ENTRETIEN AVEC ANTOINE PERRIN, DIRECTEUR DE L’ARH REUNION-MAYOTTE
 

«Le pôle sanitaire de l’Ouest a gagné deux ans»

 


Antoine Perrin quitte la direction de l’Agence régionale de l’hospitalisation de la Réunion-Mayotte pour prendre celle de l’ARH de Lorraine. A quelques jours de son départ, il répond à nos question sur les principaux dossiers qui l’ont occupé depuis sa prise de fonctions à la Réunion, en janvier 2004.

 

 

- Si aujourd’hui une épidémie de chikungunya survenait avec la même ampleur qu’en début d’année,
   serait-on mieux armé sur le plan hospitalier pour y faire face ?
 

- la réponse est oui et elle se trouve dans le plan exposé hier (mardi, en présence de François Baroin, NDLR). Pendant la crise, on a improvisé une mobilisation mais ça ne s’est pas si mal passé. Les médecins généralistes, les hôpitaux – publics comme privés – ont très bien réagi. Le plan prévoit une mobilisation graduée de la médecine libérale, afin d’éviter au maximum l’impact sur l’hôpital. Le plan, écrit avec les professionnels, le service de santé des armées, et en concertation avec les organisations syndicales, prévoit aussi une mobilisation graduée des hôpitaux dans les quatre arrondissements : d’abord ceux qui ont un service d’urgences, puis les autres, puis une mobilisation de la métropole. 

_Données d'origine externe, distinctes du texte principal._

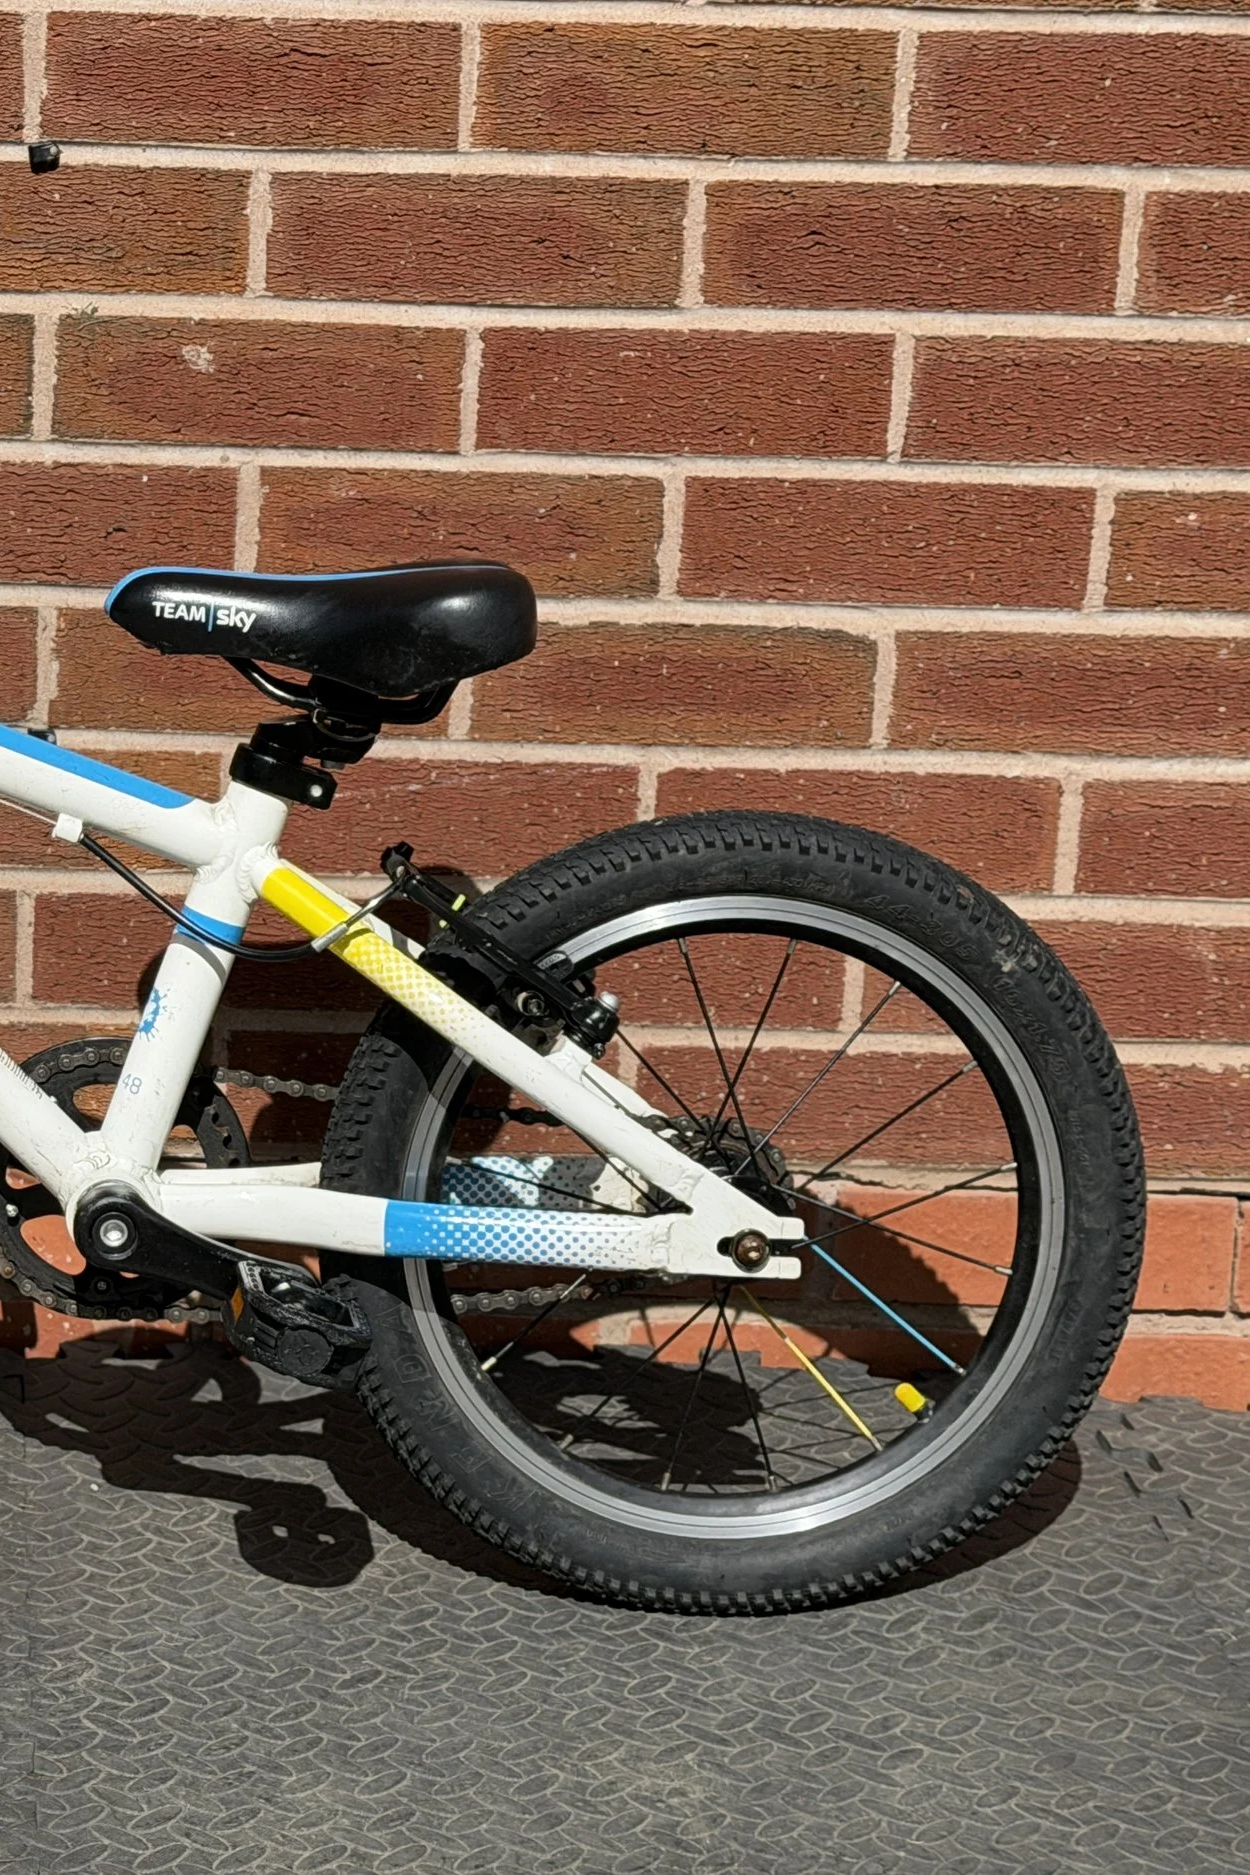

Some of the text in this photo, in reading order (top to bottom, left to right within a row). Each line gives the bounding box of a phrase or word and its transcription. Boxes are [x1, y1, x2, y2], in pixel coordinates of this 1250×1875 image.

[151, 601, 257, 633] TEAM sky
[121, 1072, 143, 1096] 48
[375, 1302, 538, 1514] KENDA

On a tout ce qu’il faut en matériel, en consommables, en médicaments. Il n’y a pas de craintes de rupture de stocks. S’agissant du personnel on sait où il faut recruter, à quel moment etc. S’il y a une montée de l’épidémie, on saura quelle étape supplémentaire franchir à chaque fois ; on a même prévu comment monter au-delà du sommet de crise de début d’année. J’ajoute que le plan qu’on a élaboré intéresse beaucoup la direction de l’hospitalisation, dans la perspective d’une épidémie de grippe aviaire en France. 

- Un grand dossier qui vous attendait à votre arrivée est celui du centre hospitalier régional.
  A-t-il avancé comme vous le souhaitiez ?
 

- Il arrive dans les temps, le calendrier est respecté. Le projet va être présenté en octobre aux instances par les deux établissements (FHD et GHSR), avec l’appui d’Edouard Couty. C’est une grande satisfaction pour moi d’avoir pu finir ce dossier. Il y a deux ans, les rapports Nord-Sud étaient encore très conflictuels. Depuis, la situation a beaucoup évolué. Il faut en rendre hommage aux hospitaliers. 

- Comment cela va-t-il se passer pour la santé ? Qu’en est-il du volet universitaire ? 

- Le montage se fera progressivement. D’abord la constitution juridique, ensuite les contenus, avec une montée en charge chaque année. Pour le moment on est dans la première pierre : le R de CHR : cela concerne plutôt les activités médicales, de recherche, d’enseignement, à partir de la configuration actuelle. On aura ensuite des maîtres de conférence des universités – praticiens hospitaliers (MCUPH), puis des professeurs des universités – praticiens hospitaliers (PUPH), avant d’avoir le U de CHU. 

- A quel horizon ? 

- Ce serait présomptueux d’en donner un. 

- Autre dossier d’importance, celui du pôle sanitaire Est (PSE). Où en est‑il ? 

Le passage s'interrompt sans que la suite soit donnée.